The opinion of the court was delivered by: Joe Billy Mcdade Senior United States District Judge


Before the Court are the Motion to Dismiss and Motion to Strike Jury Demand filed by Defendants Ward Feed Yard, Inc., ILS Financing, Inc., WFY Holding Co., and Leon Borck, on August 3, 2009 (Doc. 10) and the Motion for Leave to File a Reply filed by the same Defendants on September 29, 2009 (Doc. 15). The Motion to Dismiss is GRANTED IN PART and DENIED IN PART, the Motion to Strike is GRANTED, and the Motion for Leave is DENIED.
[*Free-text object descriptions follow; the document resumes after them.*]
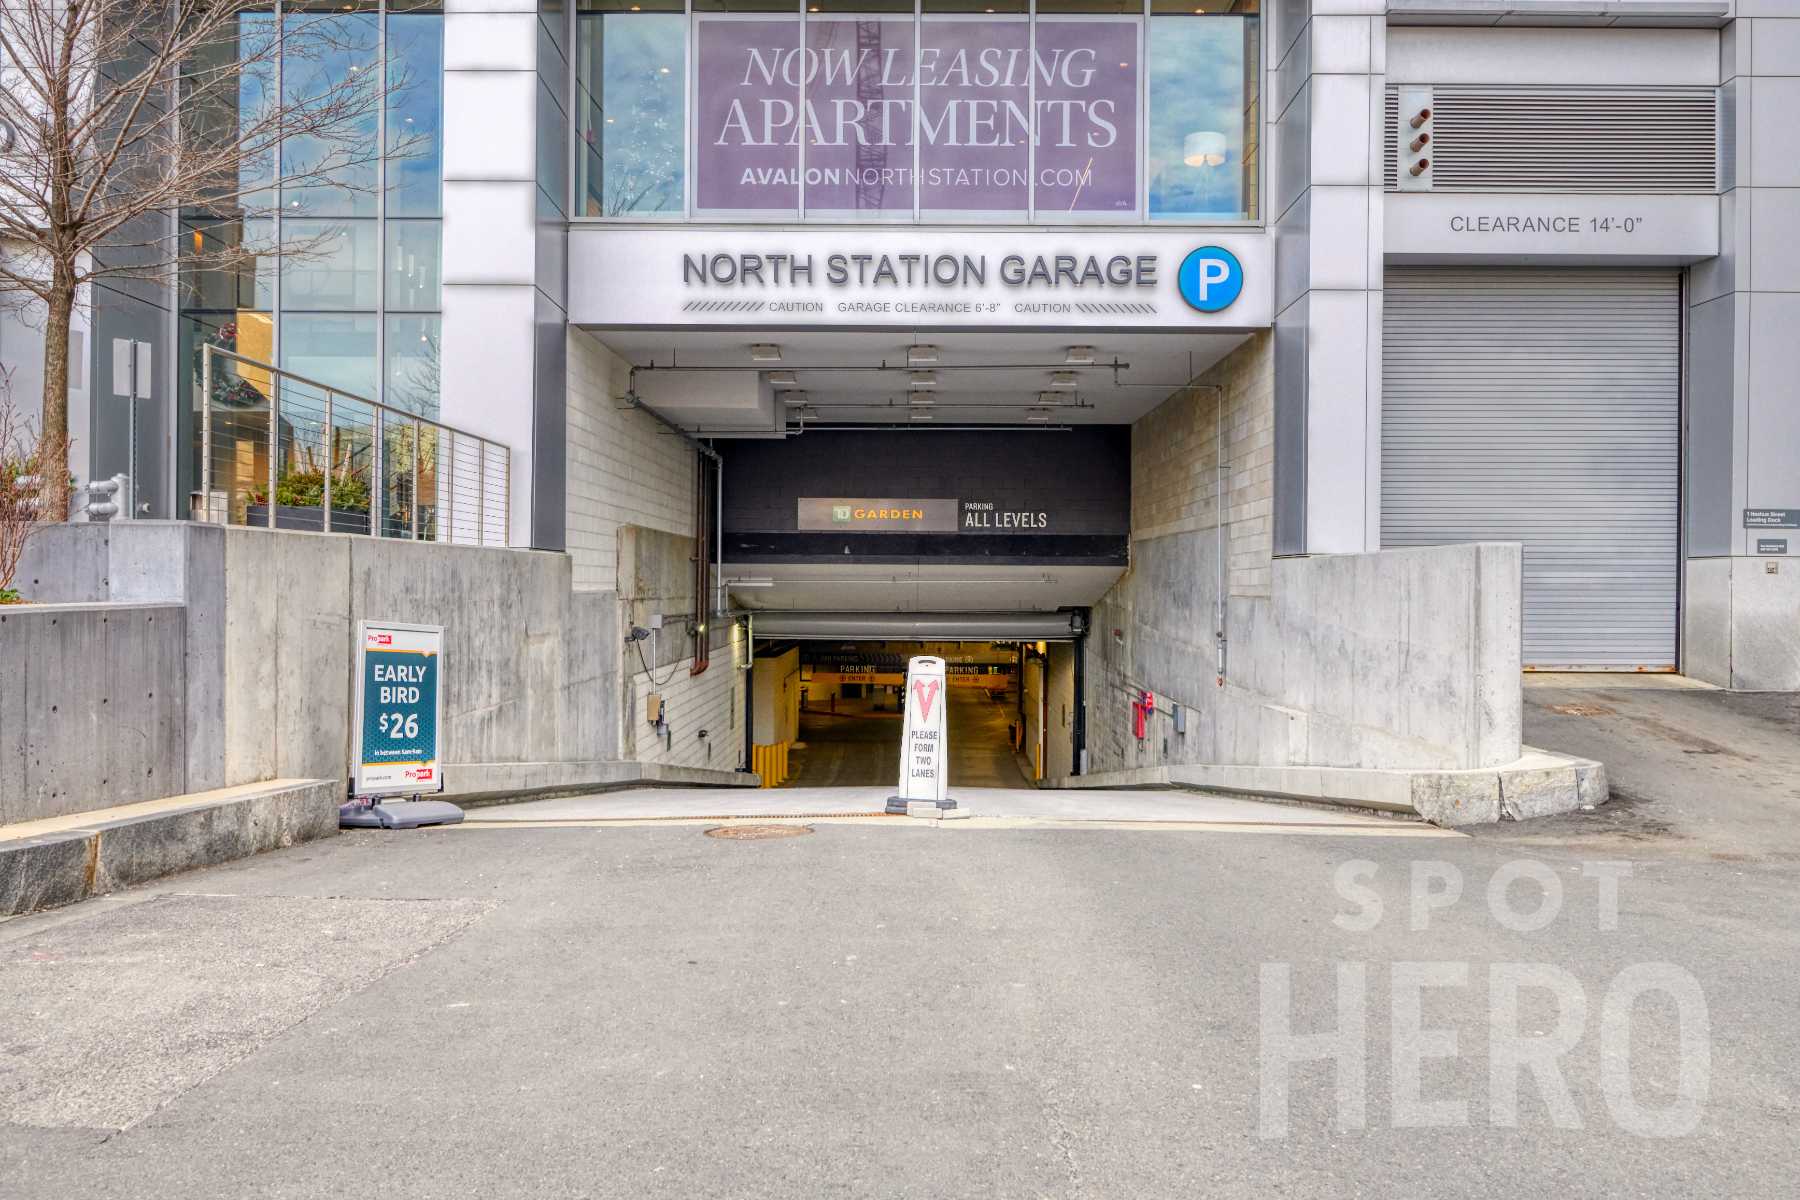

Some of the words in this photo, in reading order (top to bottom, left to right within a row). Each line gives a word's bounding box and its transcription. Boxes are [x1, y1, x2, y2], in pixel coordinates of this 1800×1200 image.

[740, 48, 873, 86] NOW
[877, 48, 1096, 87] LEASING
[714, 98, 1117, 147] APARTMENTS
[1450, 216, 1580, 232] CLEARANCE
[683, 253, 812, 284] NORTH
[826, 254, 986, 284] STATION
[1000, 254, 1158, 286] GARAGE
[1199, 258, 1230, 302] P
[769, 302, 823, 313] CAUTION
[838, 302, 891, 313] GARAGE
[895, 302, 972, 313] CLEARANCE
[1014, 303, 1071, 313] CAUTION
[854, 509, 923, 520] GARDEN
[965, 503, 993, 511] PARKING
[965, 512, 990, 528] ALL
[995, 512, 1047, 528] LEVELS
[374, 664, 427, 683] EARLY
[840, 665, 876, 673] PARKING
[380, 686, 420, 704] BIRD
[379, 712, 419, 738] $26
[911, 730, 938, 740] PLEASE
[914, 743, 934, 752] FORM
[915, 756, 932, 765] TWO
[911, 769, 935, 778] LANES
In early 2004, Joseph Bonar entered into a partnership agreement with Berwick Black Cattle Company, which is owned by Mark Ray (collectively "Ray entities"), for the purchase of cattle. According to the Complaint [Doc. 1], Bonar put up $10 million from February 2004 to September 2005 with the understanding that the Ray entities would use the funds to purchase and resell cattle. In exchange, the Ray entities guaranteed that Bonar would see a return of the principal amount in addition to profits on the sale of cattle and/or interest payments. The venture initially generated a return to Bonar; however, by the end of 2005, Bonar did not see the return of $7.7 million in principal and $1 million in interest. Bonar alleges that the Ray entities used the money to buy and resell cattle and either used the proceeds themselves or pay other creditors. Thus, Bonar alleges that the Ray entities breached their contract with him.
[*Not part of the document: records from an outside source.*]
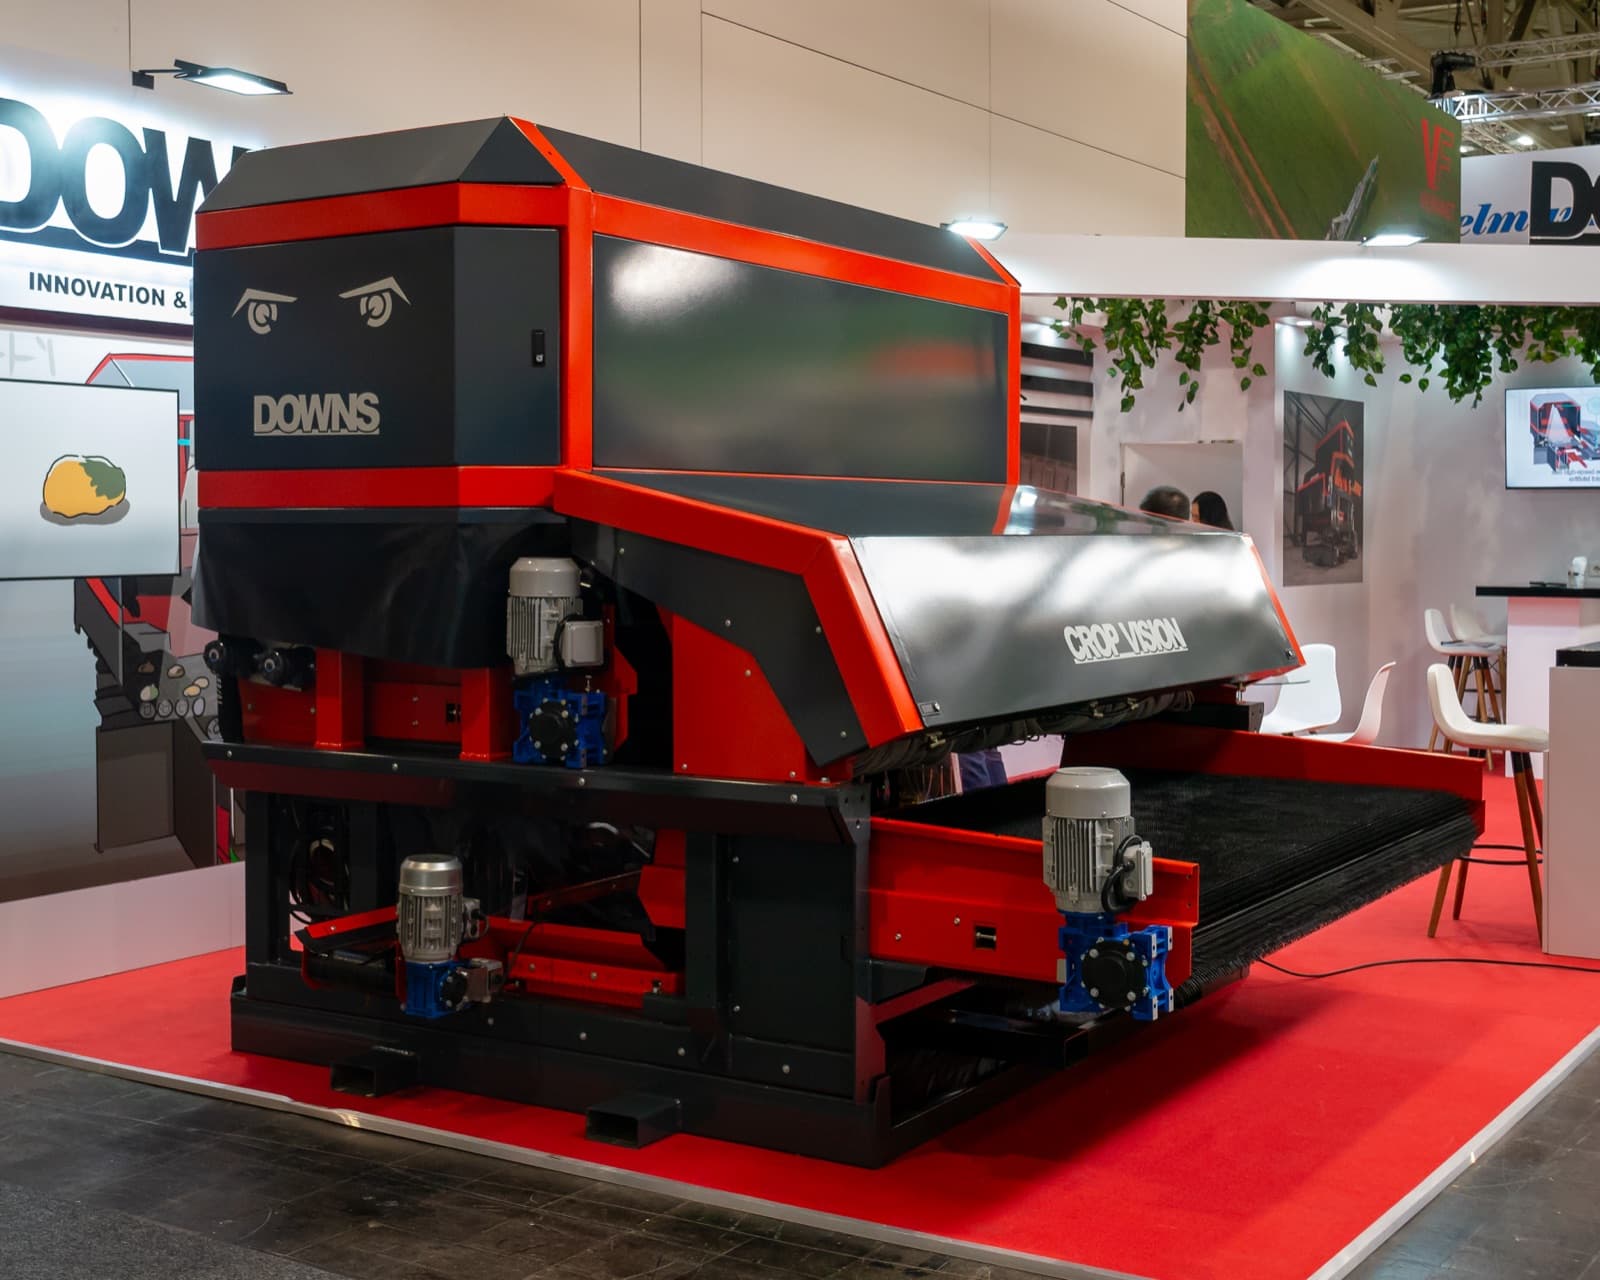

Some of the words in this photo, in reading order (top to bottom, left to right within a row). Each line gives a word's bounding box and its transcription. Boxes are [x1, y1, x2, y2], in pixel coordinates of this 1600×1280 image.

[1530, 161, 1600, 238] D
[29, 271, 165, 307] INNOVATION
[173, 290, 188, 309] &
[254, 392, 380, 434] DOWNS
[1064, 623, 1120, 661] CROP
[1118, 617, 1187, 655] VISION
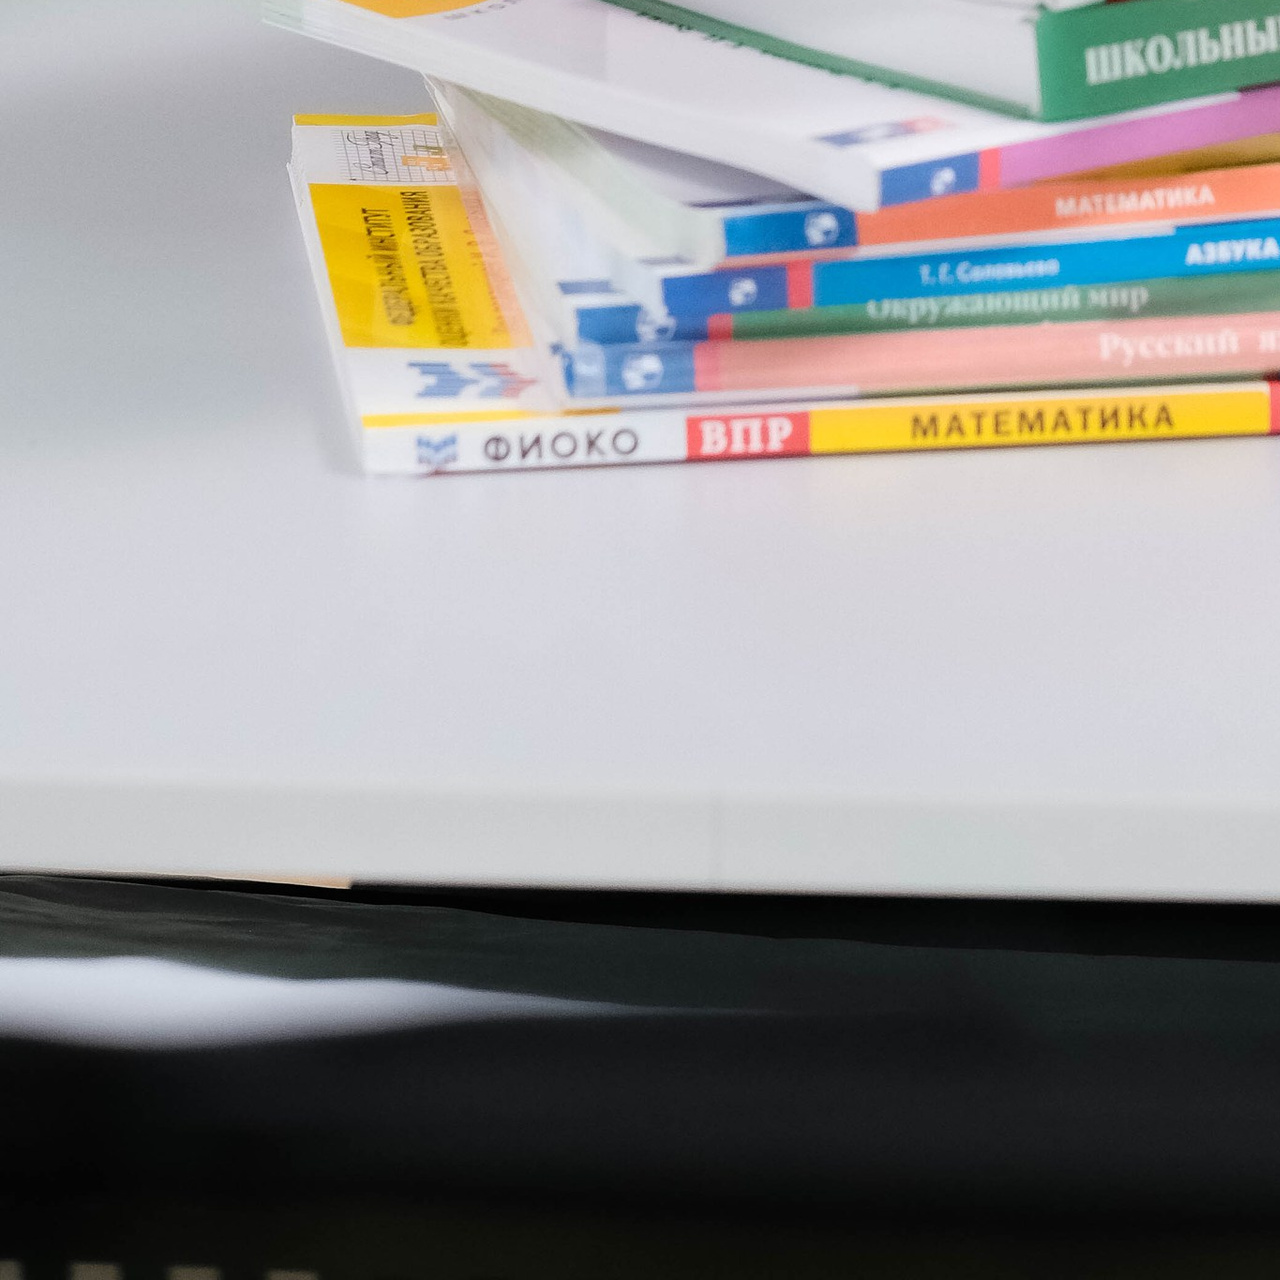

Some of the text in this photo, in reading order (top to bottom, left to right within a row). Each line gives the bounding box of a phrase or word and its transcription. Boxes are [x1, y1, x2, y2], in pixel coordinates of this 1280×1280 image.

[1055, 185, 1215, 216] МАТЕМАТИКА
[1184, 236, 1280, 266] АЗБУКА
[1088, 285, 1149, 314] мир
[1100, 328, 1239, 366] Русский
[484, 427, 640, 464] ФИОКО
[698, 414, 793, 456] ВПР
[910, 402, 1175, 440] МАТЕМАТИКА
Plaintiff also alleges that the Ray entities committed fraud. Plaintiff states that the Ray entities represented, through Ron Throgmartin, their agent, that the funds he would furnish would be pooled with other funds and used for the purchase of cattle, that the cattle would then be resold in weeks or a few months, and that he would see a return on these short-term cattle sales. Based on these representations, Plaintiff agreed to invest significant funds. Plaintiff then asserts that the Ray entities, presumably through Throgmartin, made additional representations of how his investment was being spent. Plaintiff, relying on these statements, invested additional money in the Ray entities' scheme. However, Plaintiff asserts that the Ray entities knew that these representations were untrue, that he relied on these untrue statements, and that he suffered damages as a result.

On December 26, 2006, Berwick and Ray were subject to separate involuntary Chapter 11 bankruptcy proceedings. Orders for Relief were entered in those proceedings on February 1, 2007, and the cases were ultimately dismissed on January 15, 2009. The Ray entities have failed to appear in the case at bar and an entry of default was made by the Clerk on September 30, 2009.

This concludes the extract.